1938 wurde er Rennleiter bei Alfa, doch Konflikte mit dem Staatsbetrieb und der Bürokratie waren unvermeidlich. Enzo erkannte: Er musste seinen eigenen Weg gehen.
Außerdem lest ihr in dieser Geschichte noch:
- Mit wem Enzo Ferrari sich "anlegte"
- Die traurige Geschichte des Ferrari Dino
- Wer ist nun der schönste im ganzen Land?
Das neue Buch Ferrari (Taschen, 688 Seiten, 135 Euro) von Autor Pino Allievis ist eine wahre Fundgrube für alle, die diesen Traum noch immer im Herzen tragen. Es zeigt den großen Dickkopf aus Modena nicht als Mythos, sondern als Mann mit Vision, Starrsinn und einem feinen Gespür für Schönheit. Mit bislang unveröffentlichten Fotos – etwa der Schauspielerin Anna Magnani neben ihrem Ferrari – und handschriftlichen Skizzen aus dem Werk von Maranello.

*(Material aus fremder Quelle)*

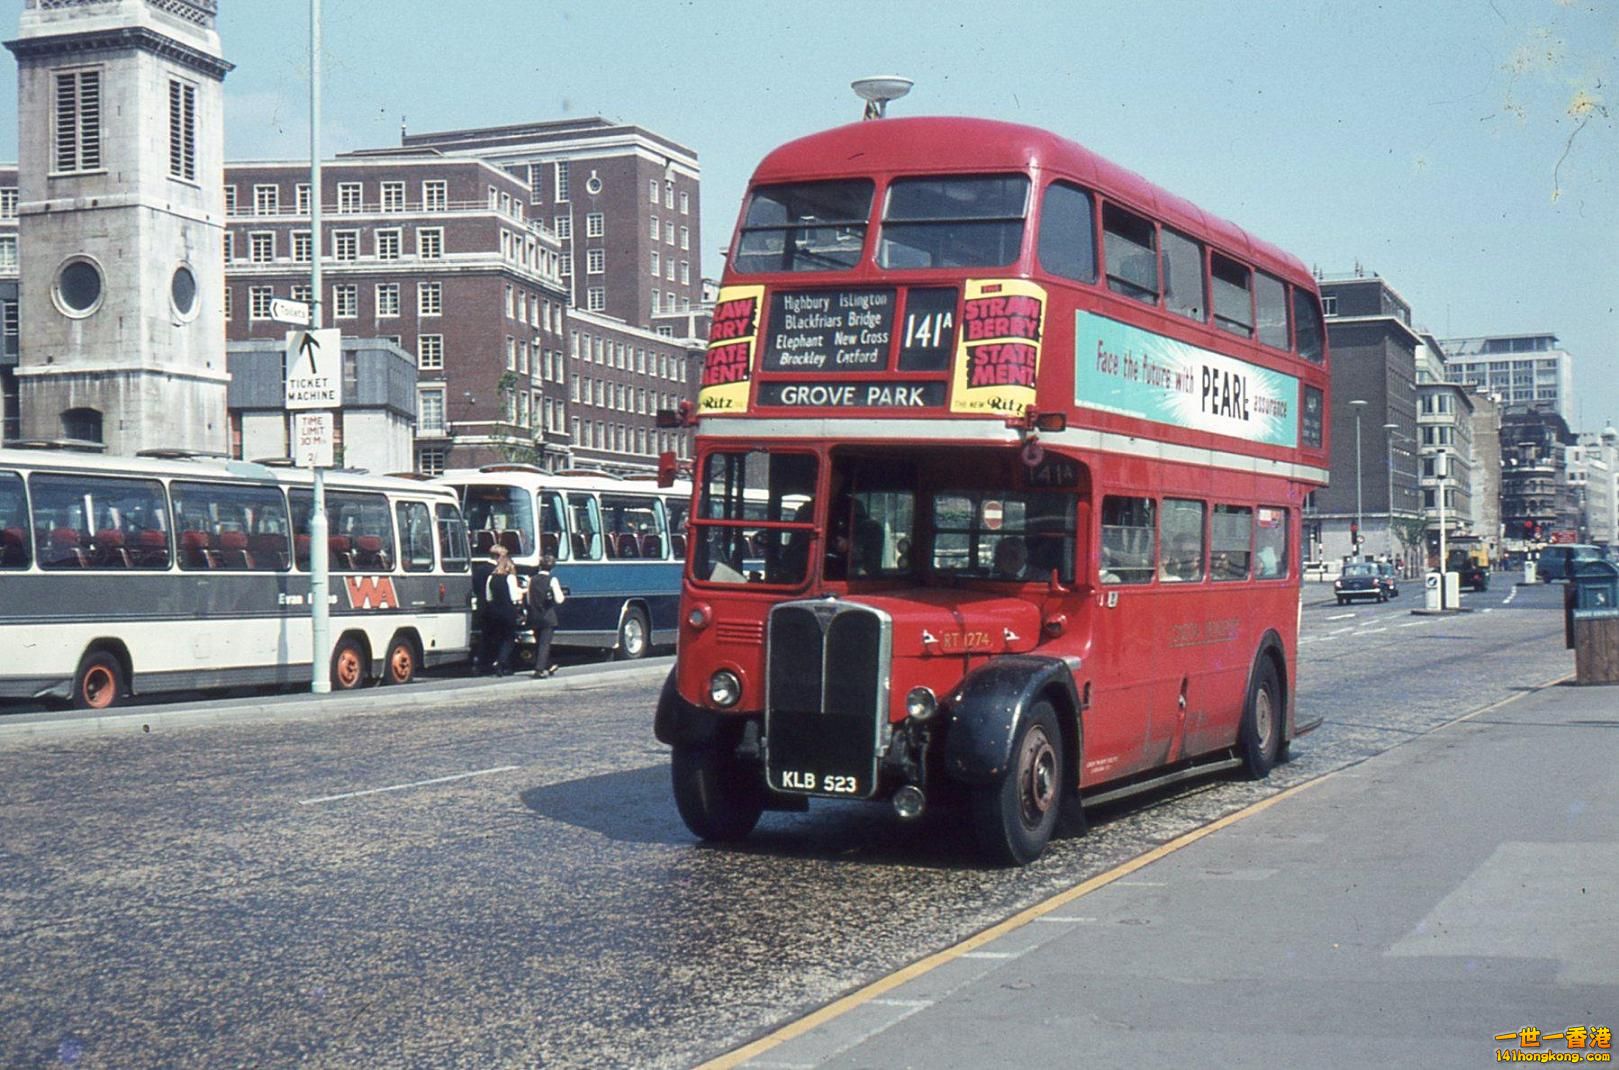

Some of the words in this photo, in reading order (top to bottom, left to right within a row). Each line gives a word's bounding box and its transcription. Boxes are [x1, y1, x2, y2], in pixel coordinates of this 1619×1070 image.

[784, 296, 829, 312] Highbury
[839, 294, 887, 310] Islington
[966, 296, 1040, 320] STRAW
[785, 314, 842, 330] Blackfriars
[848, 311, 881, 327] Bridge
[969, 316, 1037, 340] BERRY
[776, 335, 824, 350] Elephant
[834, 332, 856, 346] New
[860, 330, 888, 344] Cross
[780, 352, 826, 367] Brockley
[974, 343, 1035, 367] STATE
[290, 378, 328, 388] TICKET
[1095, 339, 1118, 375] Face
[1123, 350, 1138, 382] the
[1142, 353, 1170, 389] future
[1175, 365, 1194, 394] with
[1202, 365, 1249, 421] PEARL
[1253, 395, 1287, 418] assurance
[288, 390, 335, 401] MACHINE
[781, 386, 855, 406] GROVE
[867, 387, 924, 406] PARK
[302, 417, 323, 425] TIME
[302, 426, 325, 435] LIMIT
[944, 632, 959, 647] RT
[782, 771, 816, 789] KLB
[823, 775, 856, 793] 523

Ferrari verstand die Bedeutung von Ästhetik sofort. Pino Allievi schreibt: „Ferrari war überzeugt: Autos sollten zuallererst schön sein, dann schnell – und natürlich sollten sie auch gut klingen.“ Damit fasst er perfekt zusammen, was Millionen Männer sich seit Jahrzehnten von einem Auto erträumen.

Radikal: der „SP1“ ist von den „Barchettas“ der 50er inspiriert. V12 Motor, 6,5 L, 810 PS, in 2,9 Sekunden von 0 auf 100. Der Einsitzer wurde von 2019–2022 produziert
©Ferrari S.p.AFerrari hat diesen Traum wahr gemacht. Und auch wenn ihn sich die wenigsten leisten können – so zaubert er uns doch fast automatisch ein Lächeln ins Gesicht – das durchaus ein wenig verklärt geraten kann.
Ferrari ließ es krachen
Dass es nicht immer friktionsfrei abläuft, wenn ein Mann seinen Träumen hinterherjagt, lernt man aus dem Leben des „Commendatore“, wie Enzo Ferrari in seiner Heimat ehrerbietig genannt wurde. Denn wenn ein Mann sich der Welt mit Zitaten wie Ich habe noch keinen Menschen getroffen, der so stur ist wie ich, Der Kunde hat nicht immer Recht oder Der Zweite ist der Erste der Verlierer vorstellt, dann sind Reibungen vorprogrammiert.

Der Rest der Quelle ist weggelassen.